Things to do
Valladolid, Yucatán
What is genuinely worth your time
Valladolid’s draw is a mix of in-town cenotes, a walkable colonial core, and its position as a launchpad for Chichén Itzá. Here is the honest ranking.
Worth it
- Chichén Itzá at opening. The main reason to base here. Arriving 45 minutes away means you can be at the gate when it opens, ahead of the Cancún tour buses and the worst of the heat. This alone justifies staying the night.
- Cenote Zací, in town. A large semi-open cenote a few blocks from the square. It gets busy midday but it is the easiest swim you’ll ever walk to, and it’s cheap. Go early or late.
- The Calzada de los Frailes and San Bernardino convent. A short, pretty walk that is best in the soft evening light. Free, and the best part of simply being in town.
- Cenote Suytun. The one with the light beam and the stone platform you’ve seen in photos. Genuinely photogenic, but see the reality check below.

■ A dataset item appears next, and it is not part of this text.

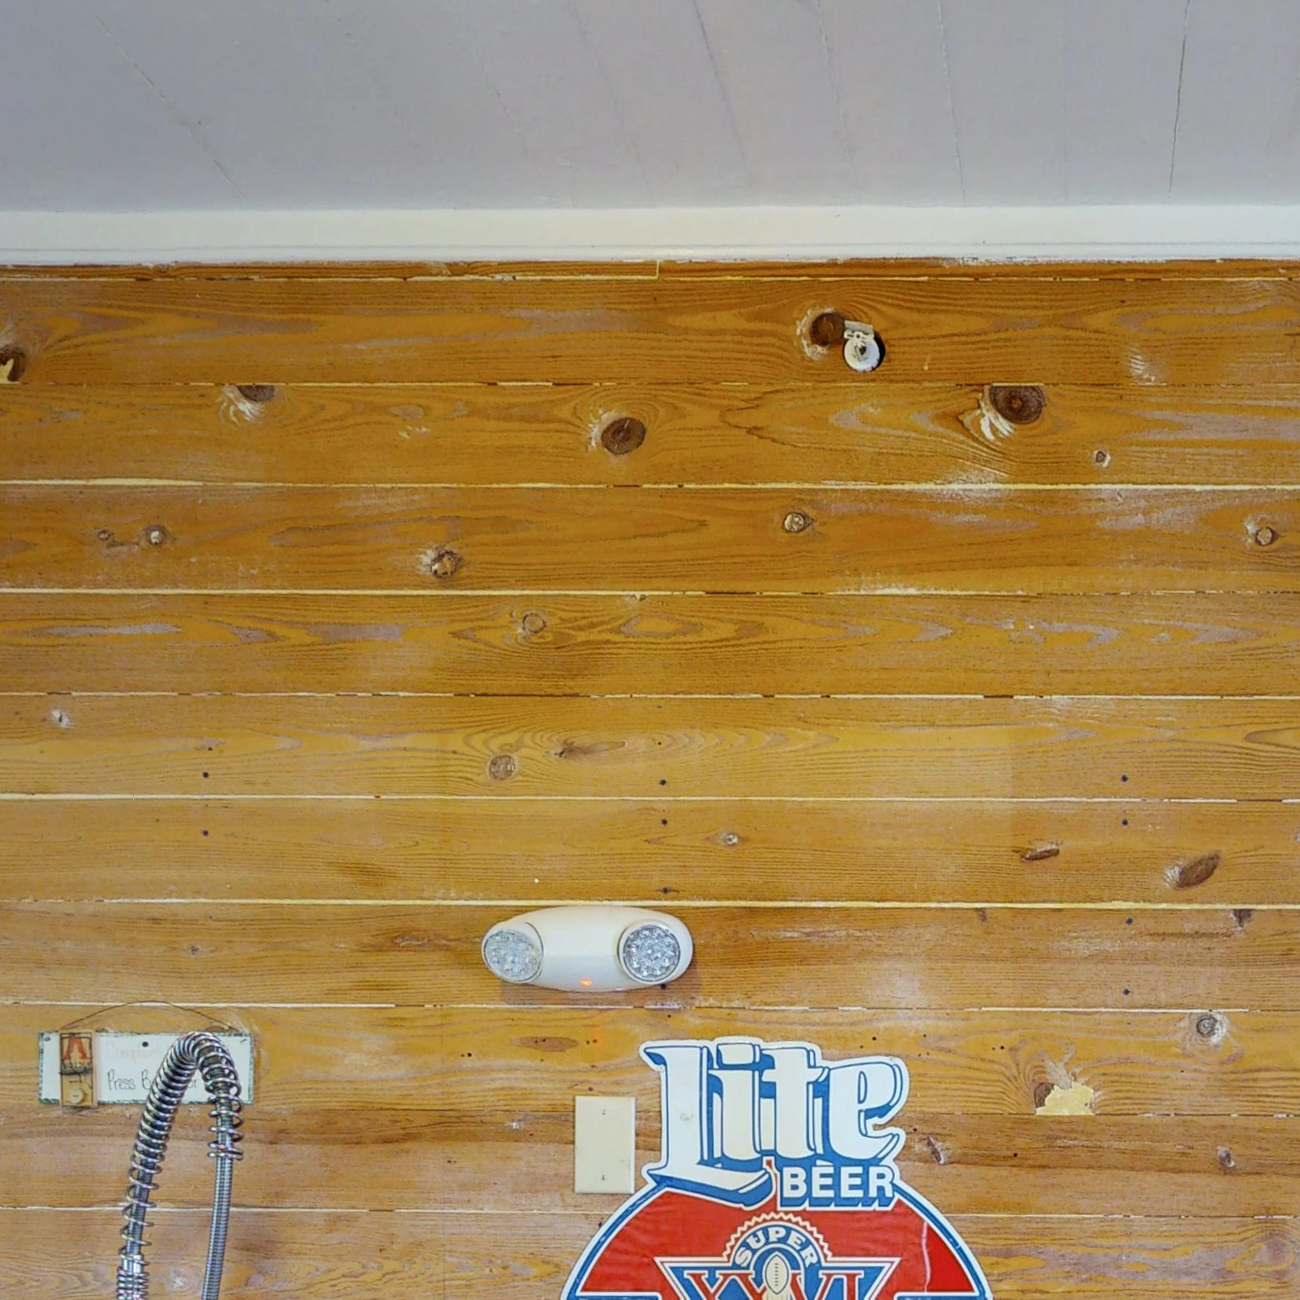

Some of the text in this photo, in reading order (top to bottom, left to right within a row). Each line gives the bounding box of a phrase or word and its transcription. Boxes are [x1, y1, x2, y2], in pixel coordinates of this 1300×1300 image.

- Evenings on the main square. Locals, marquesitas carts, music some nights. The free thing that makes staying over pay off.
Overrated or oversold
- Suytun for the “empty photo.” The famous shot requires arriving right at opening and often a queue for your turn on the platform. Midday it is crowded and the light beam depends on the season and time. Manage expectations.
- The nightly cathedral light-and-sound show. Pleasant if you’re on the square anyway, not worth planning around.
- Booked cenote “circuits” and packaged tours from town. You can reach the good cenotes yourself by taxi or bike for far less.
Two unhurried days covers the essentials without turning it into a checklist.